En tous cas les noirs de Saint-Louis eux-mêmes croient que c’est ressemblant. Seulement, c’est pour des raisons que vous n’imaginez pas. Un jour que je regardais la statue, j’entendis un soldat sénégalais qui disait à un autre :

«  — Colonel Faidherbe, y en avait lui noir, y en avait lui Sénégalais, y en avait lui comme moi ça même. Tout y en avait lui même chose moi. Et lui faire grande guerre aux blancs. Cassé Saint-Louis, cassé Sénégal, cassé tout. Les blancs toujours battus, demander l’aman, donner Faidherbe beaucoup captifs, beaucoup fusils, beaucoup cartouches : tout ce qu’il faut pour grand chef. Alors lui beaucoup content, dire faire lui même chose fétiche comme ça sur la place, dire faire lui regarder maison Bouroum (le palais du gouverneur) et faire menace gouverneur avec son sabre. »

Alors, poursuivit Barnavaux, je lui dis qu’il était idiot, que Faidherbe était un blanc, gouverneur du Sénégal. Mais il me montra la statue, et demanda :

«  — Lui y en a blanc, ou y en a noir ? »
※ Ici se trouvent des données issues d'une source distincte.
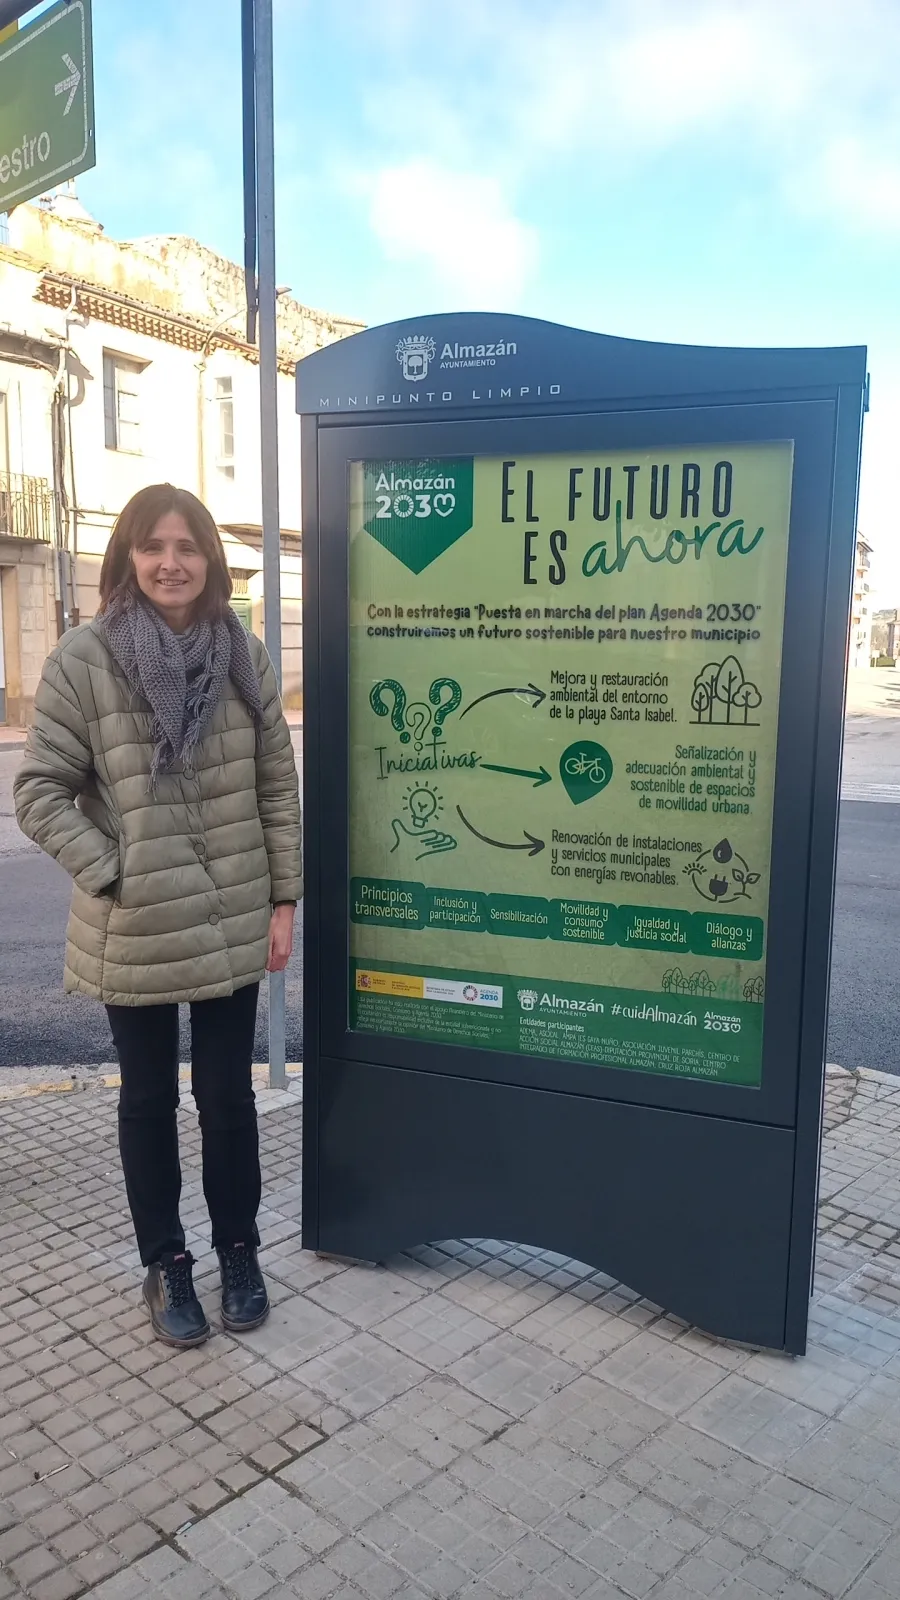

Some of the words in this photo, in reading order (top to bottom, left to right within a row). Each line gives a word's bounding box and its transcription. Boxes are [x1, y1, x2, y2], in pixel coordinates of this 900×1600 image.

[440, 340, 517, 359] Almazán
[440, 359, 496, 369] AYUNTAMIENTO
[319, 391, 452, 407] MINIPUNTO
[472, 384, 561, 399] LIMPIO
[375, 472, 455, 491] Almazán
[501, 461, 539, 522] EL
[568, 461, 732, 521] FUTURO
[523, 530, 567, 585] ES
[582, 500, 764, 577] ahora
[367, 603, 391, 620] Con
[394, 604, 403, 618] la
[407, 604, 471, 620] estrategia
[525, 607, 540, 618] en
[544, 605, 591, 619] marcha
[595, 605, 615, 620] del
[619, 605, 645, 622] plan
[650, 603, 702, 622] Agenda
[706, 603, 761, 622] 2030"
[367, 624, 456, 639] construiremos
[459, 627, 474, 638] un
[478, 624, 522, 639] futuro
[525, 625, 594, 640] sostenible
[598, 628, 626, 643] para
[631, 626, 686, 640] nuestro
[691, 628, 760, 644] municipio
[550, 670, 586, 689] Mejora
[590, 675, 597, 690] y
[601, 672, 668, 686] restauración
[550, 689, 598, 702] ambiental
[602, 689, 617, 701] del
[622, 691, 668, 704] entorno
[550, 705, 561, 718] de
[565, 706, 574, 719] la
[578, 706, 606, 725] playa
[610, 707, 640, 721] Santa
[645, 708, 677, 722] Isabel.
[374, 735, 482, 780] Iniciativas
[675, 745, 743, 761] Señalización
[750, 750, 756, 767] y
[625, 760, 686, 775] adecuación
[691, 763, 744, 779] ambiental
[748, 768, 755, 785] y
[630, 779, 685, 793] sostenible
[689, 780, 702, 794] de
[706, 784, 755, 800] espacios
[639, 795, 651, 808] de
[656, 797, 707, 811] movilidad
[712, 799, 753, 814] urbana.
[552, 829, 611, 845] Renovación
[616, 834, 628, 847] de
[632, 835, 703, 852] instalaciones
[551, 849, 558, 864] y
[562, 849, 606, 863] servicios
[610, 853, 670, 871] municipales
[551, 865, 570, 876] con
[574, 866, 616, 884] energías
[361, 885, 413, 906] Principios
[433, 896, 468, 909] Inclusión
[471, 901, 477, 914] y
[355, 901, 419, 920] transversales
[429, 910, 481, 924] participación
[490, 909, 548, 924] Sensibilización
[560, 903, 599, 917] Movilidad
[603, 908, 609, 921] y
[564, 917, 603, 928] consumo
[634, 916, 670, 934] Igualdad
[673, 921, 680, 934] y
[706, 922, 742, 940] Diálogo
[746, 928, 753, 942] y
[562, 927, 605, 940] sostenible
[625, 927, 658, 941] justicia
[660, 929, 687, 943] social
[711, 938, 746, 951] alianzas
[539, 993, 604, 1013] Almazán
[611, 1002, 697, 1026] #cuidAlmazán
[539, 1008, 587, 1018] AYUNTAMIENTO
[703, 1011, 741, 1022] Almazán
[519, 1017, 546, 1028] Entidades
[547, 1021, 585, 1034] participantes
La statue est en bronze, et par conséquent sur la statue Faidherbe est noir. Ça, on ne peut pas le nier. Vous voyez à quoi ça sert de faire la statue des blancs en bronze aux colonies ; c’est pernicieux pour leur réputation. Et il y a encore des choses auxquelles on ne pense pas. Car le Sénégalais demanda :

«  — Et lui, y en a-t-il casque ?

C’est vrai que Faidherbe est tête nue, comme je vous ai dit. Et jamais, jamais, au Sénégal, on n’a vu un blanc tête nue. C’est bon pour les nègres. Qu’est-ce que je pouvais répondre, hein ? Et pourtant c’était trop bête. Je dis :

«  — Il y a tout près d’ici Fatima Coulibaré, qui est vieille comme un baobab. Elle se rappelle ! Viens lui demander avec moi si Faidherbe n’était pas blanc, espèce de boule de caoutchouc ! »

On est allé demander à Fatima Coulibaré, celle qui fait concierge chez M. Raymond Martin. Vous la connaissez, peut-être ? Elle s’est gratté les deux bras avec ses ongles, puis s’est mis les doigts dans la bouche, après avoir retiré sa pipe, et elle a jugé !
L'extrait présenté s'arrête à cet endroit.